Oreilles attentives de Guyenne et Gascogne, bonjour. Je crains de vous avoir un peu laissé sur votre faim la semaine passée en ne vous racontant pas vraiment la fin de l’histoire de Marceau Esquieu « L’oiseau bleu ». Aussi, je vais vous en raconter une autre, toujours du même ouvrage. Elle s’intitule « La porta », la porte.
« Longtemps, longtemps, les hommes, les pauvres hommes, comme l’ours et le blaireau, mais moins puissants et moins agiles, longtemps les hommes se sont cachés, comme ils ont pu, dans les trous de terre, les arbres creux, les cavernes…
Tandis que les sylphes, les djinns, les elfes et les korrigans, libres de chair et de tripaille… plus légers, savaient se fondre et se confondre… aux veines me du bois et du rocher. Mais les hommes se cognaient partout à la nature cruelle.
Un jour enfin il s’en est trouvé un, plus malin et plus courageux, plus industrieux que les autres au fond de son trou de terre, de bois ou de rocher… Oui, l’homme a fait face au monstre qui le serrait de près dans son trou, et, pour lui barrer le passage et le tenir hors de portée, il a mis une porte à l’entrée du terrier, de l’arbre creux ou de la caverne. L’homme a mis une porte à sa maison !
C’est la porte, bonnes gens, qui va, qui vient mais qui ne change pas de place ! Car une porte -notez le bien ! - une porte doit pouvoir, à tout moment retenir et livrer passage. Malheur au portier négligent qui l’ouvre trop tôt ou trop tard, au distrait qui la laisse ouverte !
Chez nous, en plein jour, on ferme rarement la porte de la maison. On la fermait seulement les jours de glace, les jours de grande pluie et de canicule…
C’est qu’en ces temps anciens, de vie petite et resserrée, on prenait la taille sur tout : même sur les portes et les fenêtres. On faisait payer aux pauvres l’impôt sur les seuls biens qui leur restaient. Un impôt sur l’air et le soleil !

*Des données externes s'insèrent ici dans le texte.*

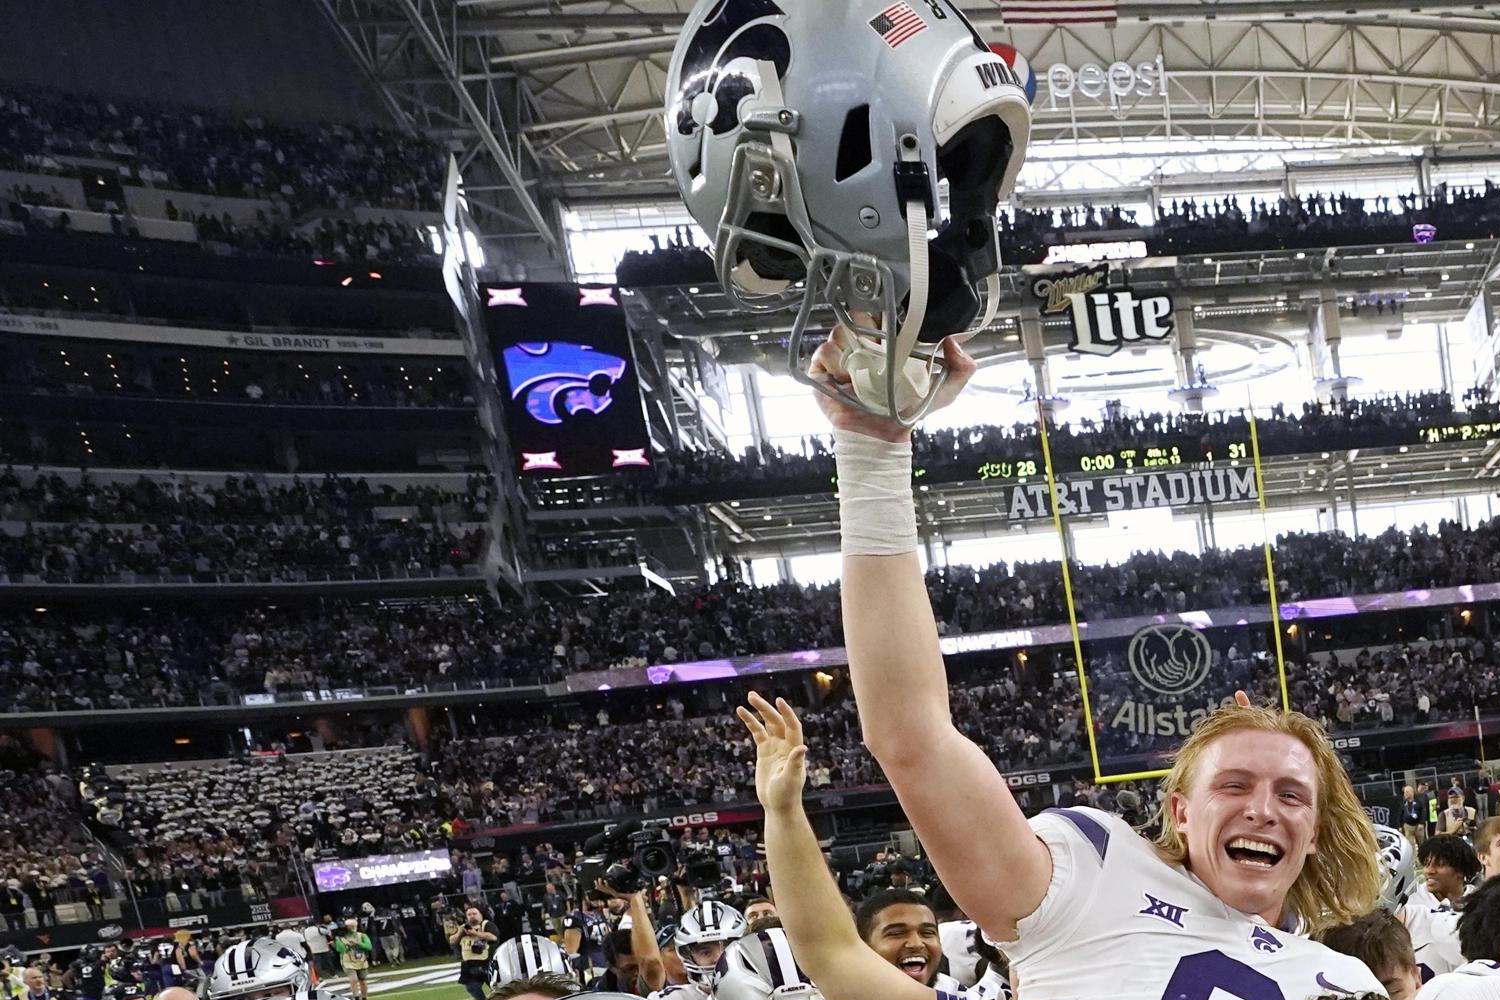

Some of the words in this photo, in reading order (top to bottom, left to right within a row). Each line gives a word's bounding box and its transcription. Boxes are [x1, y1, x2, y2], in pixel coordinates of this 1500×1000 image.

[1048, 53, 1169, 111] pepsi
[1033, 271, 1106, 313] Miller
[1063, 291, 1171, 357] Lite
[243, 334, 270, 348] GIL
[271, 336, 331, 349] BRANDT
[1080, 454, 1115, 472] 0:00
[1228, 442, 1247, 459] 31
[1016, 460, 1037, 477] 28
[1008, 478, 1094, 519] AT&T
[1103, 466, 1260, 512] STADIUM
[168, 914, 209, 928] ESPN
[1139, 893, 1189, 929] XII

La maison, pardi, pouvait bien, à la rigueur, se passer de fenêtres ! Certes pas se passer de porte !
Et voilà pourquoi, la porte chez nous, on aimait la laisser ouverte !
Cette porte, macarèl ! Les pauvres bougres en profitaient tant qu’ils pouvaient !…
Tout le long du jour ainsi la porte restait béante...
Et par la porte grande ouverte, la maison, jusqu’au plus noir de l’âtre se gorgeait ainsi de soleil et de jour…
Intratz !
Intratz, brave mond, la porta es dubèrta ! »
Entrez, entrez, braves gens, la porte est ouverte !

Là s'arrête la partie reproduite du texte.